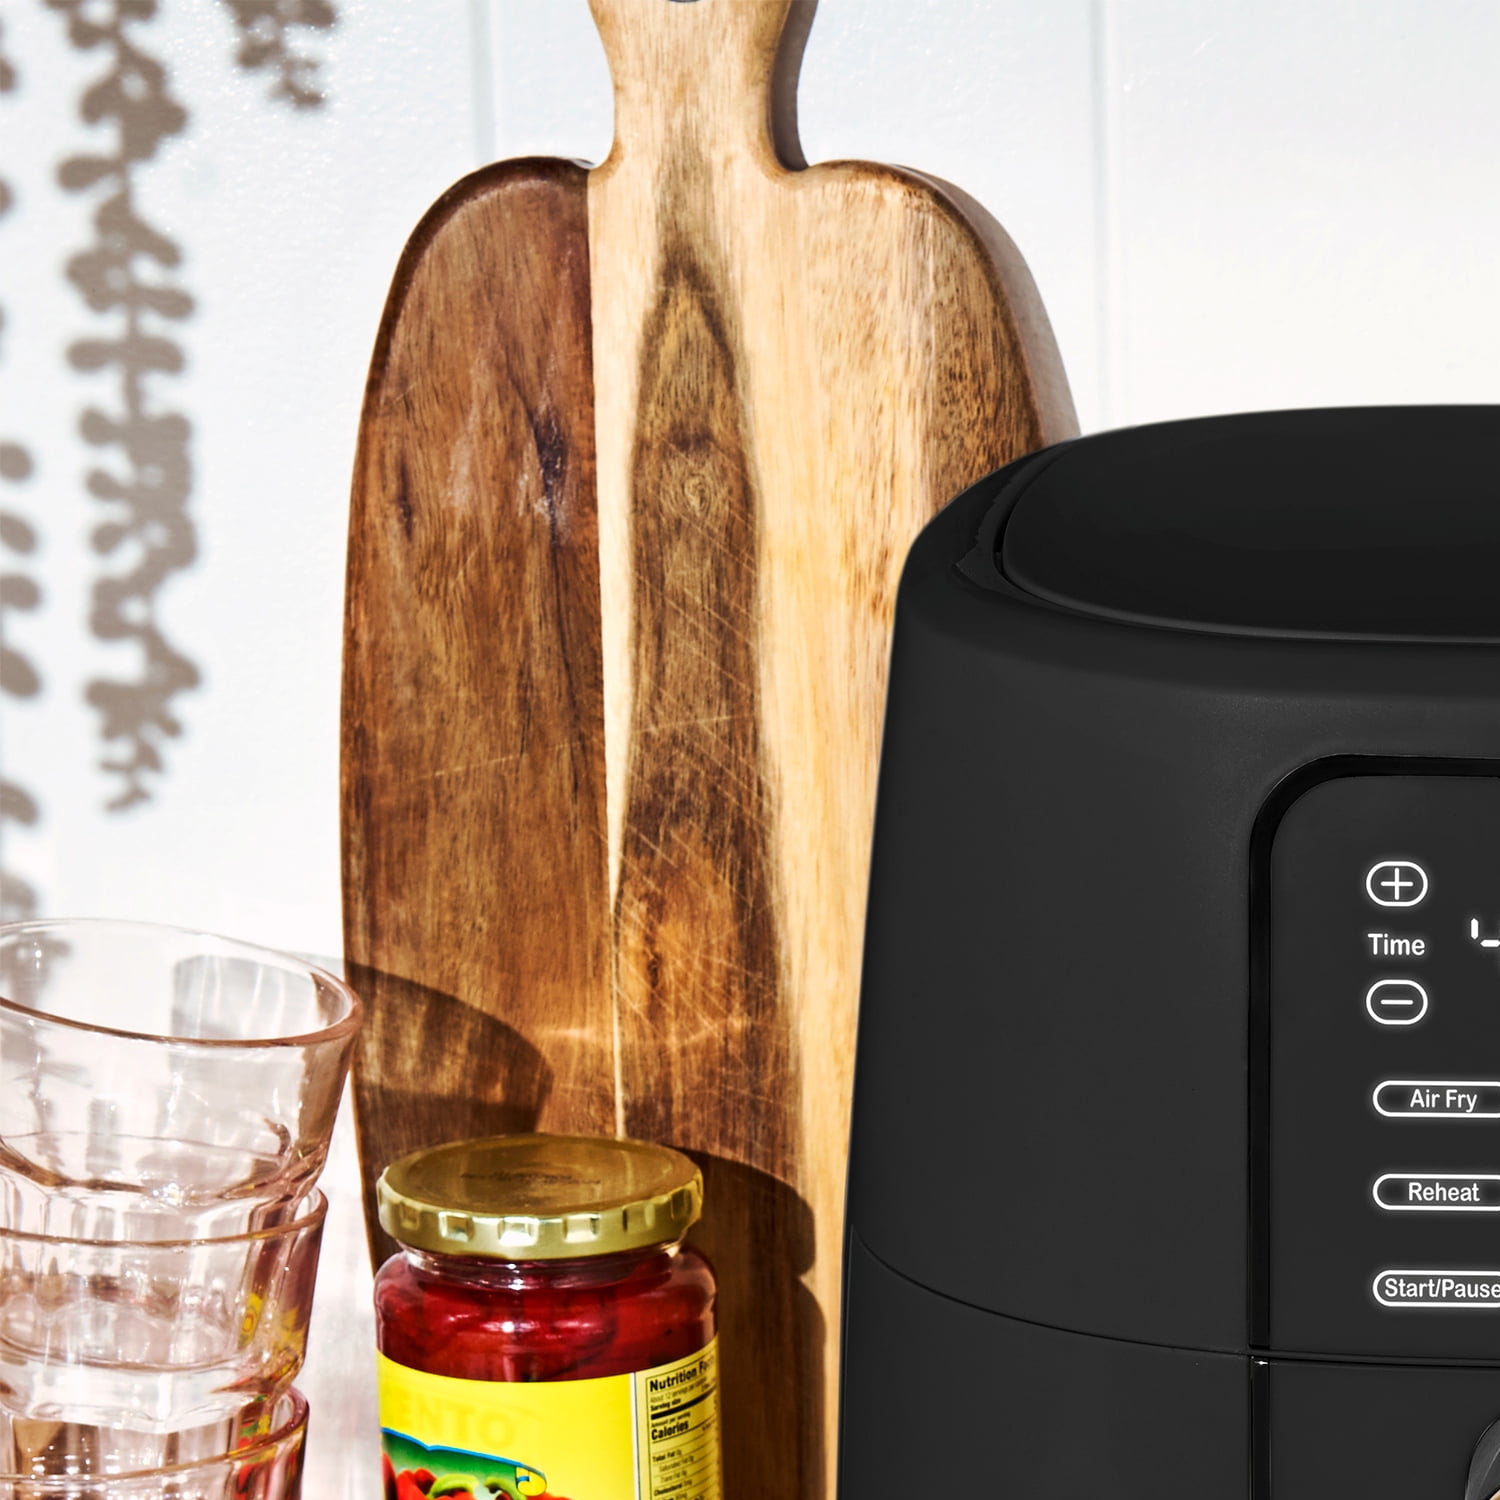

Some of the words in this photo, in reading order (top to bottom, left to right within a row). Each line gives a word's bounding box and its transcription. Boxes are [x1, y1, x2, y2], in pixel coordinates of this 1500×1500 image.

[1368, 933, 1425, 956] Time
[1409, 1088, 1440, 1109] Air
[1445, 1090, 1478, 1113] Fry
[1408, 1182, 1480, 1202] Reheat
[650, 1366, 697, 1392] Nutrition
[651, 1420, 689, 1440] Calories
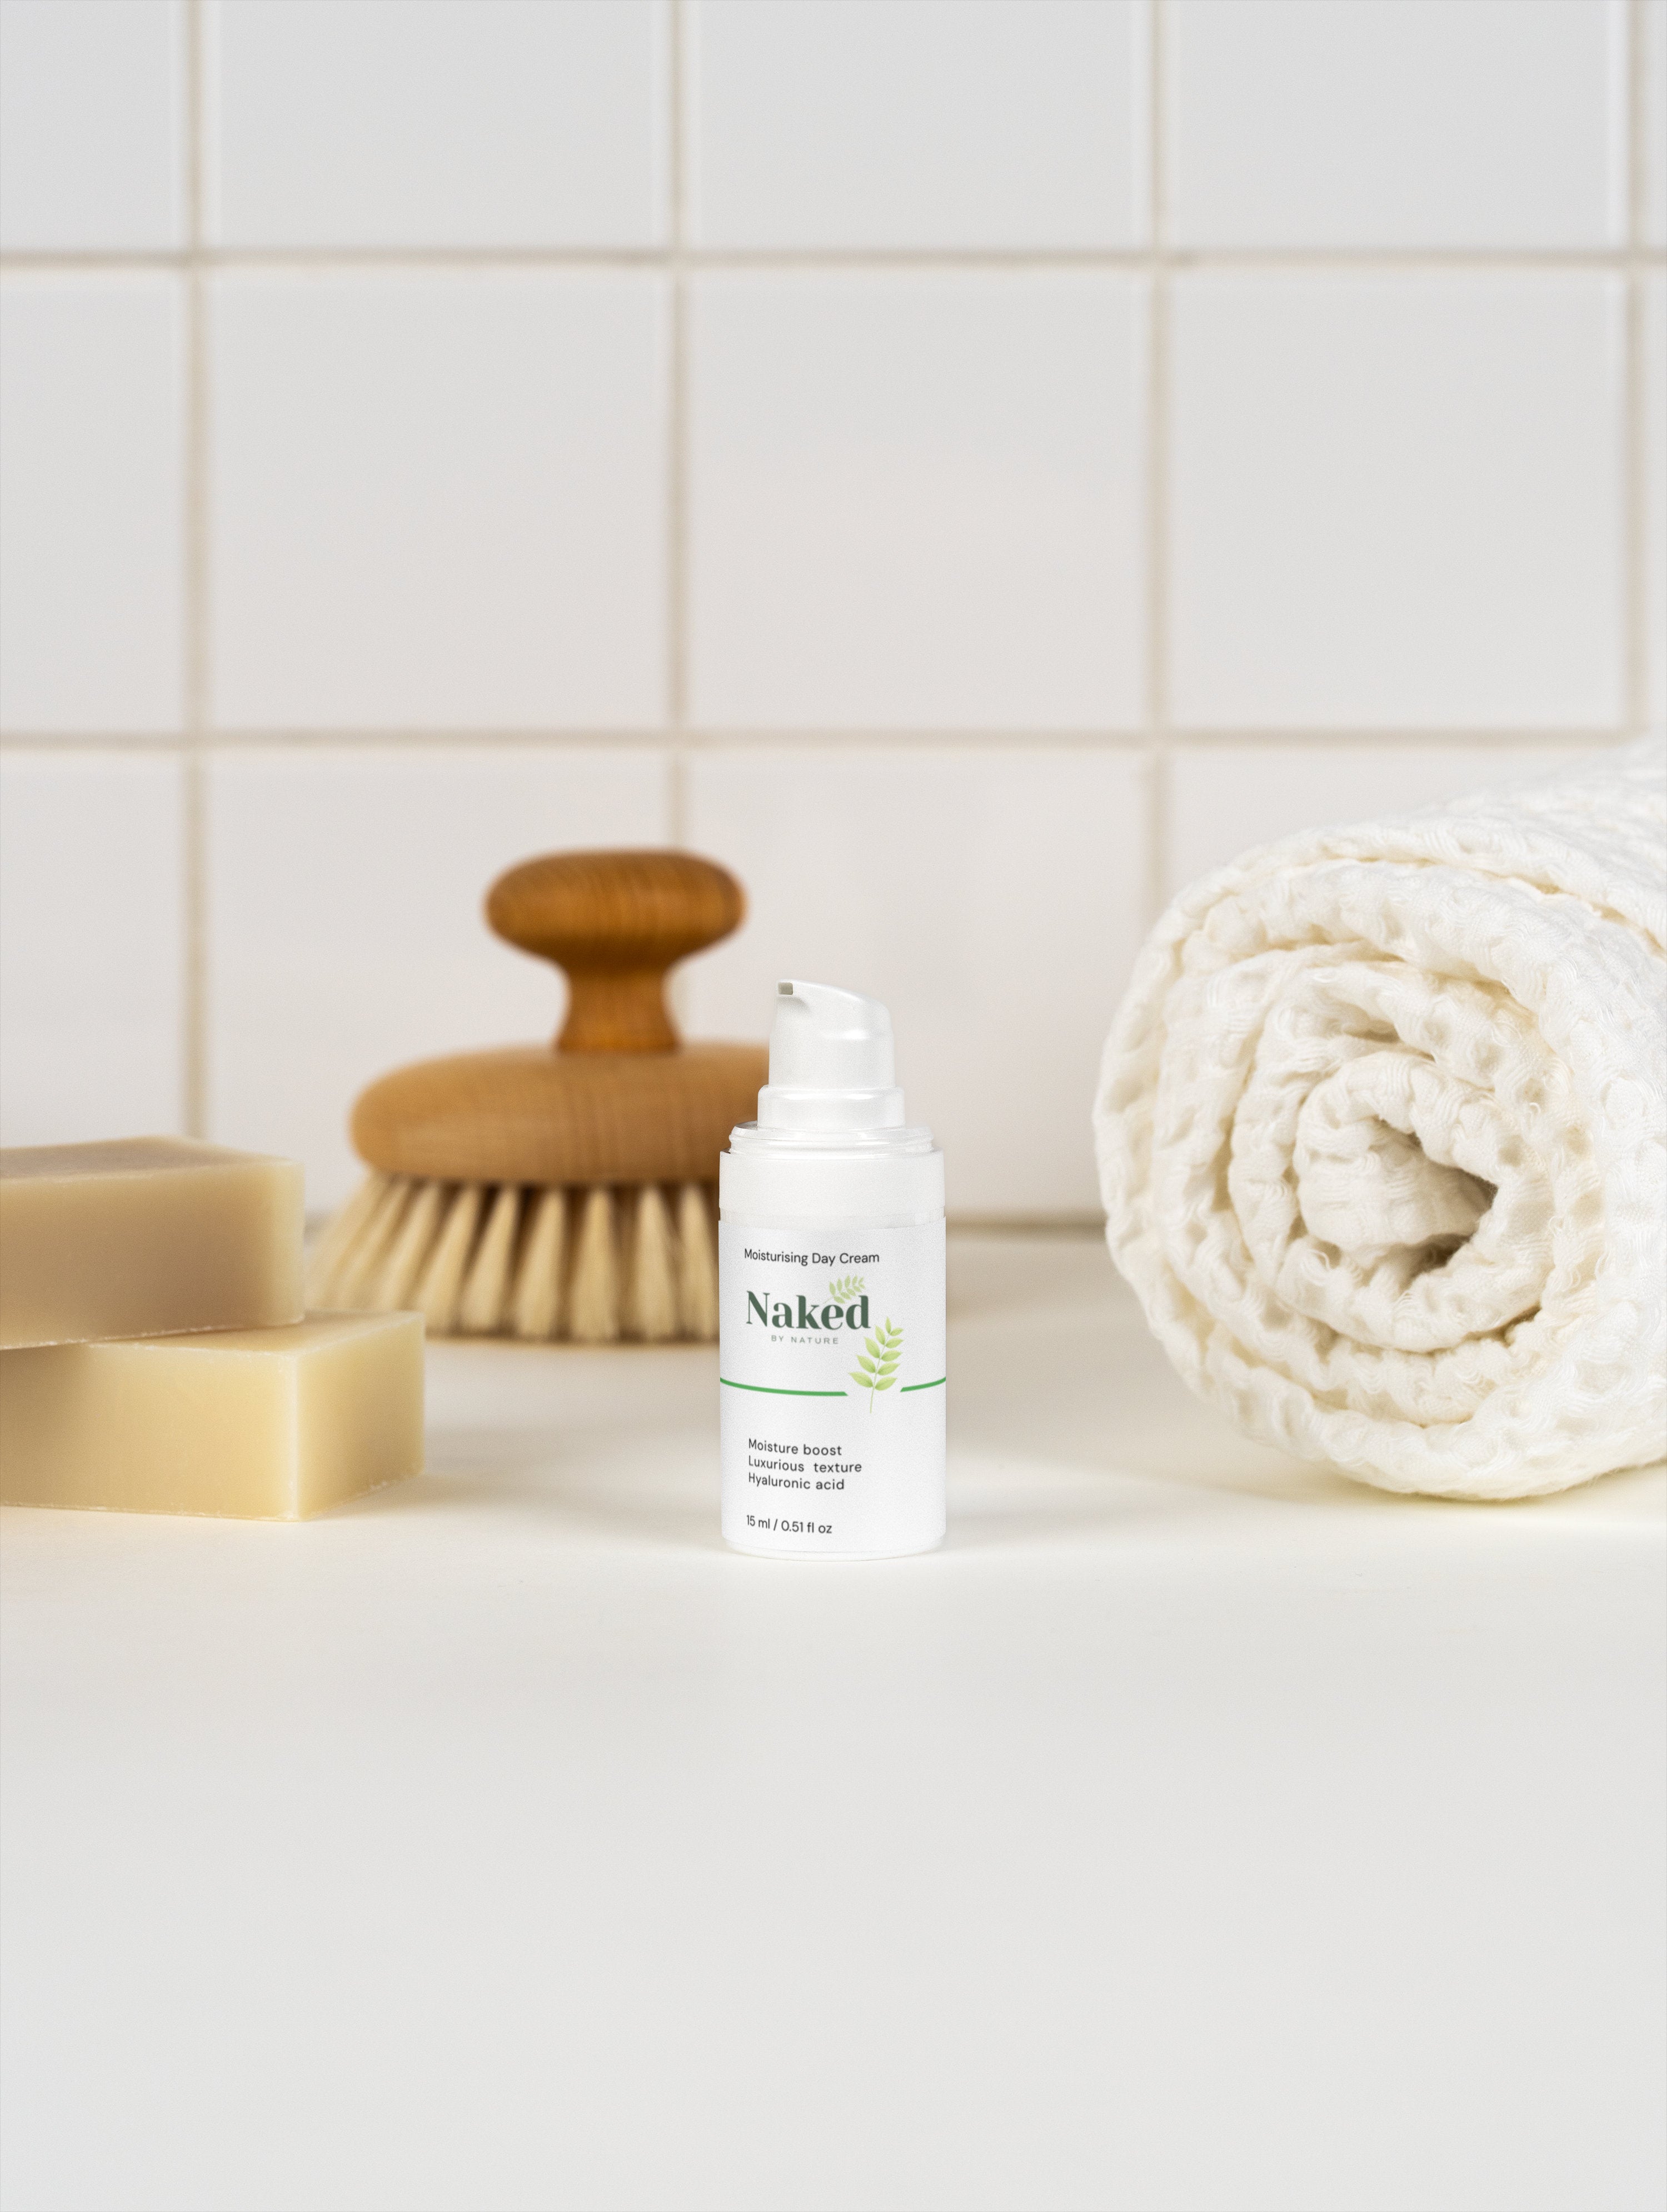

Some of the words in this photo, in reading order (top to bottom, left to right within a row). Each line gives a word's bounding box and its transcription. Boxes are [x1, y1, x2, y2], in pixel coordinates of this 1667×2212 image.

[744, 1248, 808, 1267] Moisturising
[812, 1252, 836, 1267] Day
[839, 1252, 880, 1264] Cream
[746, 1291, 871, 1331] Naked
[791, 1336, 839, 1345] NATURE
[748, 1438, 798, 1454] Moisture
[803, 1444, 842, 1456] boost
[748, 1455, 805, 1472] Luxurious
[813, 1463, 862, 1473] texture
[748, 1472, 810, 1489] Hyaluronic
[816, 1479, 845, 1490] acid
[747, 1514, 755, 1527] 15
[758, 1518, 770, 1529] ml
[773, 1519, 778, 1531] /
[781, 1520, 803, 1532] 0.51
[807, 1522, 814, 1533] fl
[818, 1525, 832, 1533] oz
________
_INSTRUCTIONS FOR THE TASK:_ Return the lines beginning at the one that contains "this 1667×2212 image." and continuing through the last line of the data, exactly as they stand and without any others.

_EXERCISE ANSWER:_
Some of the words in this photo, in reading order (top to bottom, left to right within a row). Each line gives a word's bounding box and its transcription. Boxes are [x1, y1, x2, y2], in pixel coordinates of this 1667×2212 image.

[744, 1248, 808, 1267] Moisturising
[812, 1252, 836, 1267] Day
[839, 1252, 880, 1264] Cream
[746, 1291, 871, 1331] Naked
[791, 1336, 839, 1345] NATURE
[748, 1438, 798, 1454] Moisture
[803, 1444, 842, 1456] boost
[748, 1455, 805, 1472] Luxurious
[813, 1463, 862, 1473] texture
[748, 1472, 810, 1489] Hyaluronic
[816, 1479, 845, 1490] acid
[747, 1514, 755, 1527] 15
[758, 1518, 770, 1529] ml
[773, 1519, 778, 1531] /
[781, 1520, 803, 1532] 0.51
[807, 1522, 814, 1533] fl
[818, 1525, 832, 1533] oz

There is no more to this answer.